What coding agents can and cannot do
Coding agents can read existing code and understand its structure, generate new code from a description of what it should do, apply edits across multiple files, run tests and interpret results, fix failures identified by tests or linters, and create commits. They are limited by the quality of their context: an agent that cannot read all relevant files cannot produce correct cross-file edits. They are also limited by task complexity — agents handle well-scoped tasks (fix this failing test, implement this function signature) more reliably than open-ended ones (refactor the entire authentication system). Code review and architectural decisions still require human judgment.

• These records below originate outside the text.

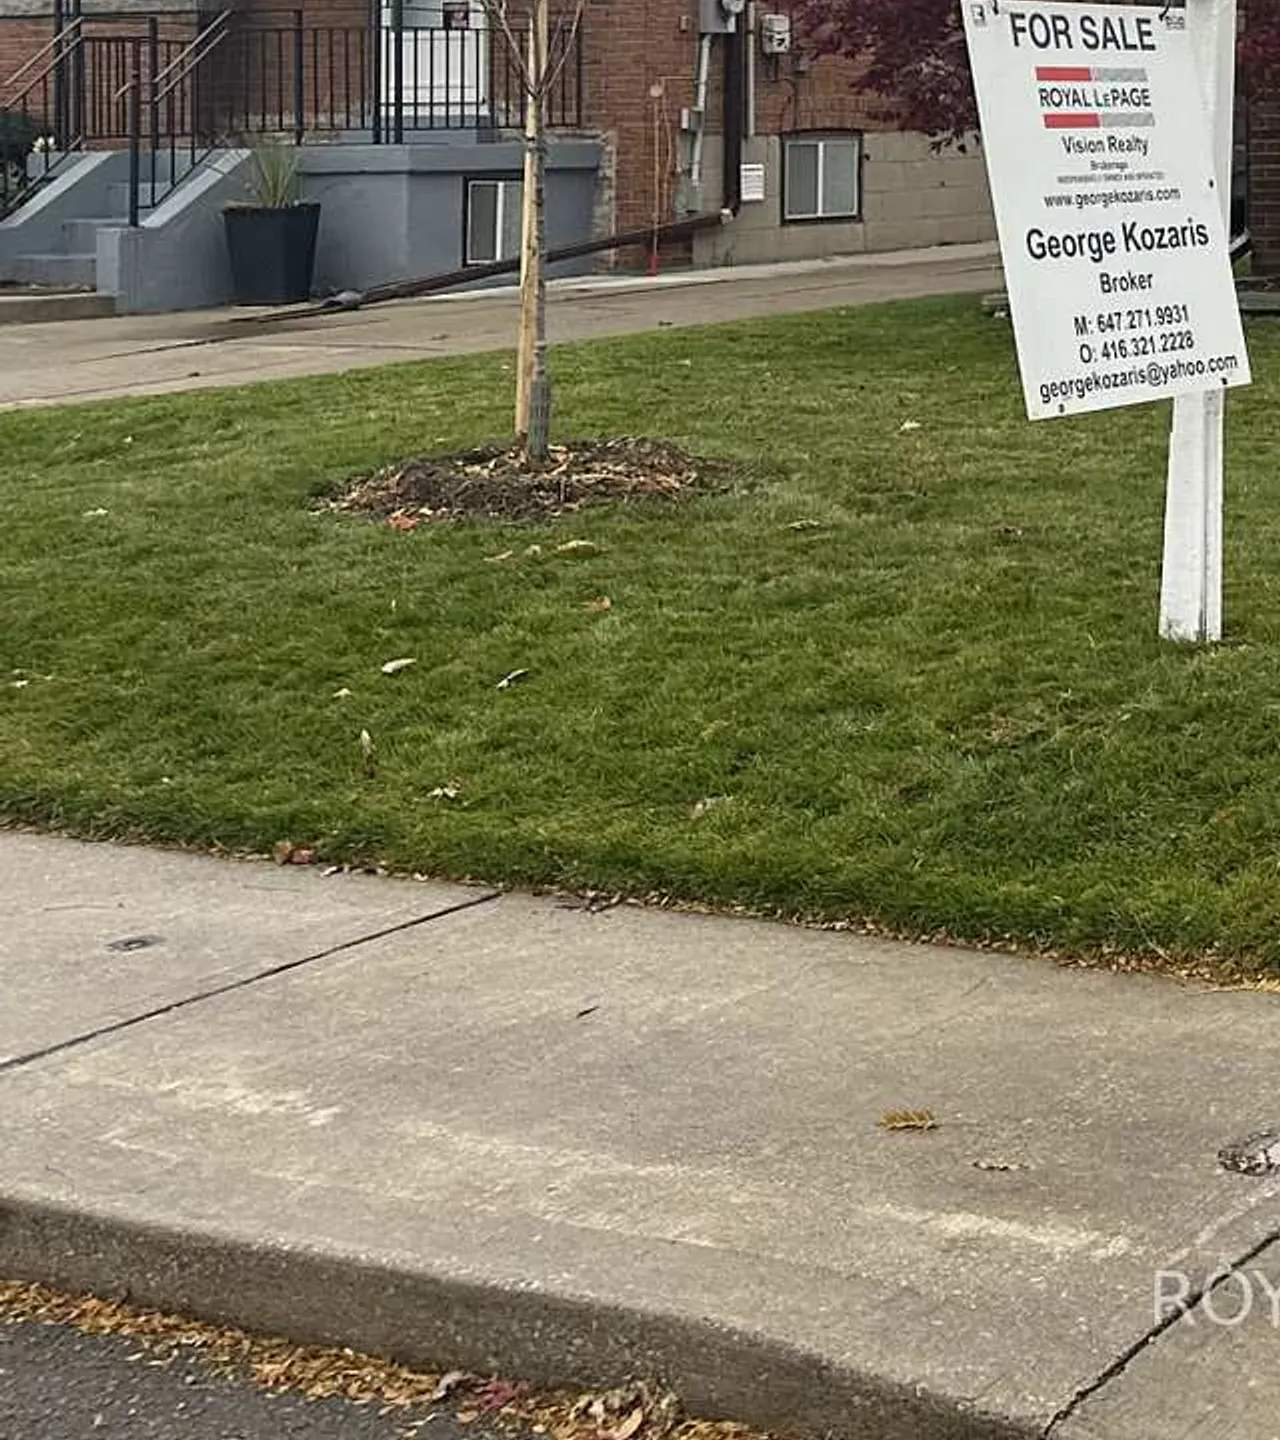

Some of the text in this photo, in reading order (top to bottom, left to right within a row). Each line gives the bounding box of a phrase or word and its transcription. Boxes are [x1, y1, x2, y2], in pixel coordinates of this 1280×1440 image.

[1009, 13, 1073, 49] FOR
[1080, 16, 1156, 51] SALE
[1039, 88, 1093, 107] ROYAL
[1062, 135, 1149, 156] Vision Realty
[1044, 188, 1181, 209] www.georgekozaris.com
[1026, 217, 1210, 263] George Kozaris
[1100, 271, 1153, 293] Broker
[1073, 304, 1190, 336] M: 647.271.9931
[1079, 342, 1098, 364] O:
[1040, 354, 1239, 404] georgekozaris@yahoo.com

How they differ from AI code completion
AI code completion tools suggest the next token, line, or block as a developer types. A coding agent plans and executes a sequence of actions to complete a goal without step-by-step human direction. The developer using a completion tool remains in the driver's seat at every keystroke; the developer using a coding agent delegates a task and reviews the result. This changes the nature of the workflow: the agent needs a clear goal, access to the relevant files, and a way to run and verify its output — not just a prompt for the next line.
Risk and oversight considerations
Coding agents with write access to a repository and the ability to run arbitrary commands can cause significant damage if they make errors or are misdirected. Common risks include: overwriting files the agent was not intended to modify, introducing security vulnerabilities in generated code, making changes across many files that are difficult to review, and executing commands with unintended side effects. Mitigation approaches include running agents in sandboxed environments, limiting the scope of file system access, requiring human review of agent-generated commits before merge, and using the minimum permissions necessary for the task.